Wendel reagiu e, graças à sua compleição física – mede cerca de 1,85m e é gordo –, desvencilhou-se do golpe. Ricardo começou a desferir socos no arquiteto, que gritou por socorro. O agressor fez menção de que levava uma arma sob a blusa e ordenou que a vítima fizesse silêncio. Obrigou Wendel a lhe entregar o celular e o notebook, que colocou em uma mochila. Antes de fugir, cortou os fios do interfone e do telefone fixo do apartamento. O arquiteto correu para o apartamento de um vizinho e interfonou ao porteiro, pedindo que barrasse a saída do visitante. Era tarde: Ricardo tinha acabado de deixar o prédio.
No mesmo dia Wendel procurou a polícia, que logo relacionou o caso a três assassinatos de homens gays, um em Abelardo Luz, município catarinense na divisa com o Paraná, e outros dois em Curitiba. Wendel era mais um alvo do personagem investigado pelas polícias do Sul do país como um serial killer de gays. Os crimes seguem a mesma dinâmica: as vítimas eram homens homossexuais de classe média e foram asfixiadas, sem roupa, no apartamento em que moravam. Imagens gravadas por câmeras de segurança dos condomínios das vítimas sugerem que os crimes foram cometidos pela mesma pessoa. Graças às câmeras a Delegacia de Homicídios e Proteção à Pessoa (DHPP) do Paraná identificou o suspeito como José Tiago Correia Soroka, de 32 anos, a quem são atribuídos pelo menos três assassinatos. Soroka teve a prisão temporária decretada no Paraná e em Santa Catarina e está foragido. Sua foto foi divulgada não só para auxiliar nas buscas, mas para alertar a comunidade gay. A polícia investiga se outro homem – um advogado de 35 anos, encontrado morto na capital paranaense no dia 30 de abril – foi assassinado pelo mesmo criminoso.

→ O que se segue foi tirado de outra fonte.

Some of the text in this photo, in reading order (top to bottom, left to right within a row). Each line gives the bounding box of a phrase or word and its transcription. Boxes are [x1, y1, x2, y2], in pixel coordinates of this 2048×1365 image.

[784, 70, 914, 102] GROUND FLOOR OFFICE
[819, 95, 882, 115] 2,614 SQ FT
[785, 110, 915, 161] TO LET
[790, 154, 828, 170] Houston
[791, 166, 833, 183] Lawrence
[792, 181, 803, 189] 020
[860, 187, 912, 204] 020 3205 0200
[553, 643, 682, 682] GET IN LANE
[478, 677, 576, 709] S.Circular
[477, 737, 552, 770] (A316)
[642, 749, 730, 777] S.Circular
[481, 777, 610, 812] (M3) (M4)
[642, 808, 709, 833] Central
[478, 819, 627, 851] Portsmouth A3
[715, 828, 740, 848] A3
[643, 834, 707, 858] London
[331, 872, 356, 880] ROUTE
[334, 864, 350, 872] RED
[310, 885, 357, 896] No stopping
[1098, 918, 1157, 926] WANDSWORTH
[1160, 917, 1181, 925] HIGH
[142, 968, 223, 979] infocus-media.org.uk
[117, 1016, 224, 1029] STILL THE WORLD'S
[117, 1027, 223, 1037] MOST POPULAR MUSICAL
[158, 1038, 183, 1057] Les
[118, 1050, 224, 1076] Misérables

“Pelo que a investigação nos aponta, o criminoso aparenta ser um psicopata e, possivelmente, tenha praticado os crimes com a intenção de matar, levando objetos apenas para evitar que fosse identificado. Pelos casos, pela mudança brusca de comportamento, a gente consegue enquadrá-lo como um serial killer. Até pelo que relatou a última vítima [Wendel], tudo leva a crer que sejam crimes de ódio”, disse o delegado Thiago Nóbrega, da DHPP.

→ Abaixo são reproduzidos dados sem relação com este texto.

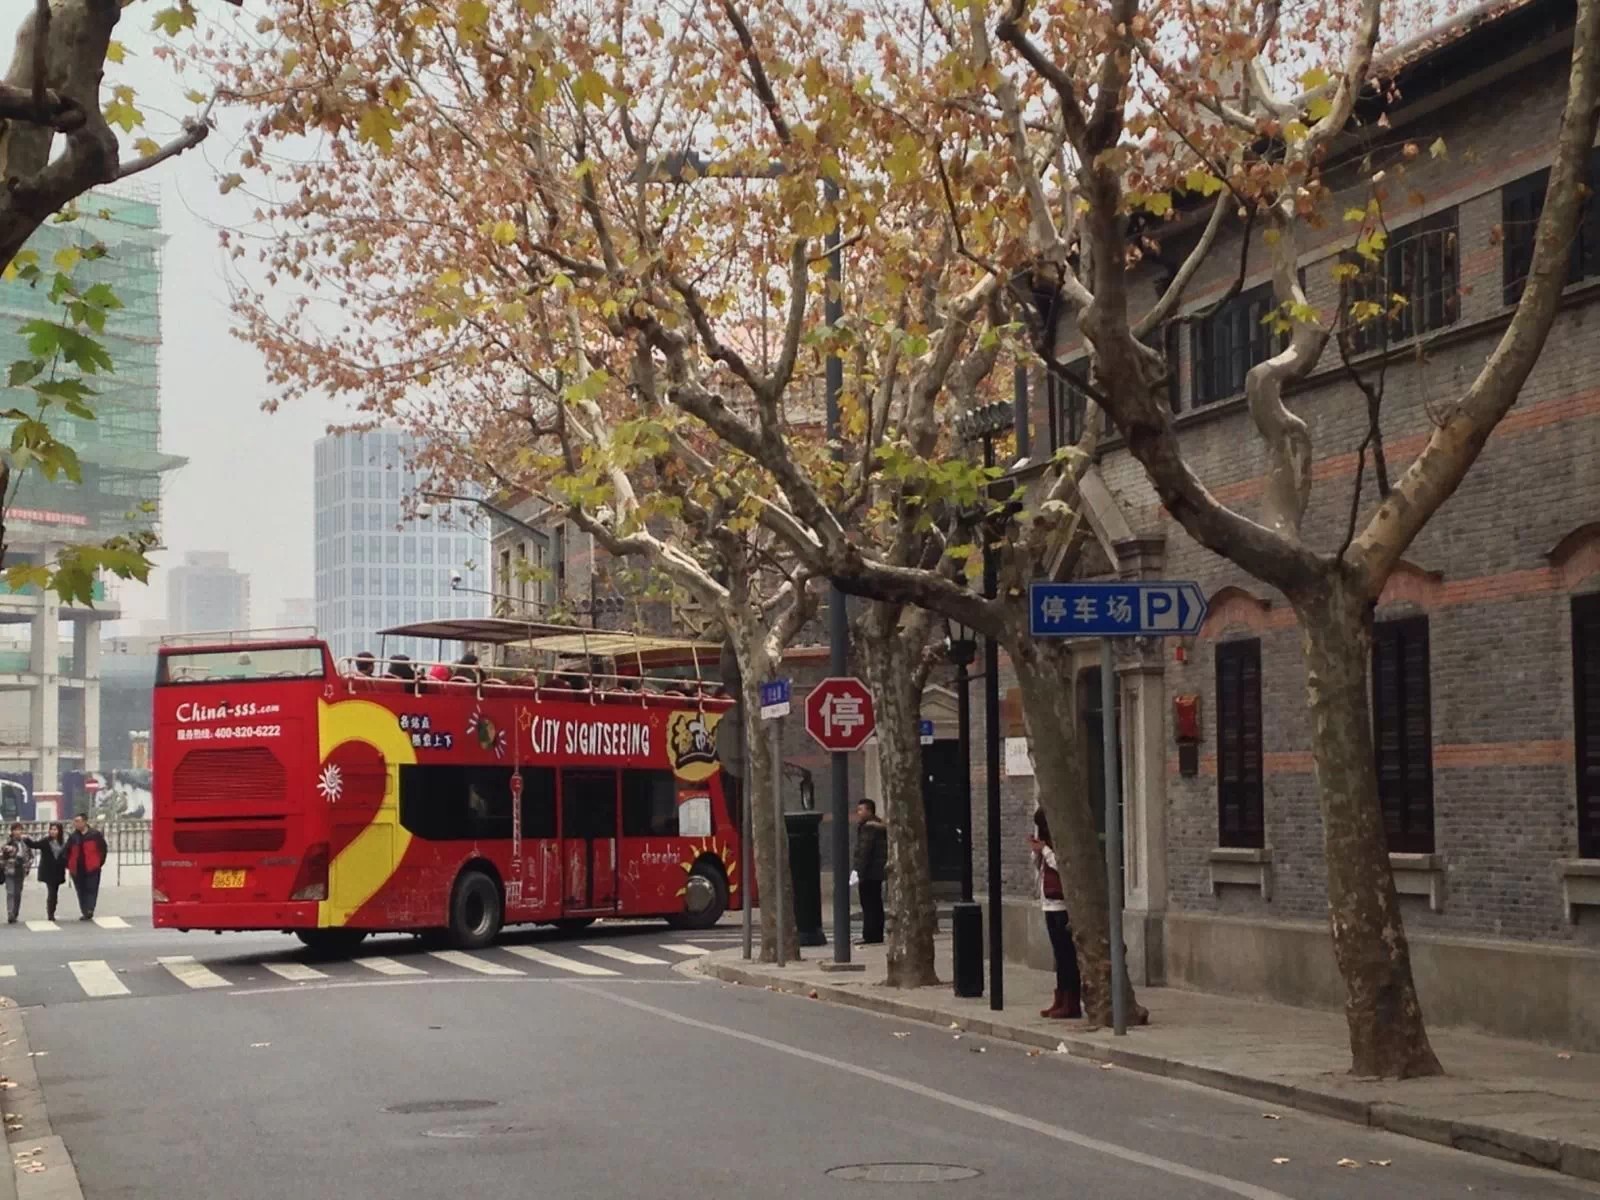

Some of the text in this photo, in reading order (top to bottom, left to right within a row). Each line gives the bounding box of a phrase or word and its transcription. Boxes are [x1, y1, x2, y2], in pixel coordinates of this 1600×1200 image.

[1040, 595, 1132, 624] 停车场
[1147, 591, 1172, 627] P
[818, 692, 865, 737] 停
[531, 715, 560, 754] CITY
[565, 720, 650, 757] SIGHTSEEING

Por fotos, Wendel reconheceu Soroka, que pelo menos desde 7 de maio já estava identificado pela DHPP. O nome de Soroka surgiu a partir da Polícia Civil de Santa Catarina, que investigava o assassinato do professor universitário Robson Paim havia duas semanas. Paim foi morto em 16 de abril na cidade de Abelardo Luz e teve o carro roubado. Um dia depois, o veículo foi encontrado na região metropolitana de Curitiba. Os policiais catarinenses foram buscar o automóvel e, durante as investigações, encontraram imagens de Soroka nas câmeras de segurança da região. Uma testemunha indicou o nome do suspeito. “Identificamos a pessoa que abandonou o carro e conseguimos mais elementos que o colocavam [Soroka] em Abelardo Luz no dia dos fatos”, contou o delegado Marcelo Fernando Tescke.

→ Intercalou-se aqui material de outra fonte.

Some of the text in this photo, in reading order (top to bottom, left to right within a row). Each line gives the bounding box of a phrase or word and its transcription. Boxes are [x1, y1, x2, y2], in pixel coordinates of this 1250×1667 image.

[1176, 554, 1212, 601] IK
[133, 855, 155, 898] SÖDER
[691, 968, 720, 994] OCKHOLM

Os policiais catarinenses compartilharam informações da investigação com os paranaenses. O Instituto de Identificação do Paraná cruzou as imagens das câmeras de segurança dos prédios das vítimas com as fotos de Soroka no banco de imagens da Polícia Civil. Descobriram que Soroka foi preso duas vezes, em 2015 e 2019, por roubo de carro. Compararam as fotos tiradas no momento da prisão com os elementos faciais da pessoa que aparecia no vídeo das câmeras de segurança. “Por sorte, eu tinha imagens dele de perfil direito e esquerdo, o que possibilitou a comparação. Se fosse alguém que nunca tinha sido preso, eu provavelmente não conseguiria fazer a análise apenas com as fotos dos documentos”, conta Allan Simas de Albuquerque, papiloscopista da Polícia Civil do Paraná que produziu o laudo comparativo.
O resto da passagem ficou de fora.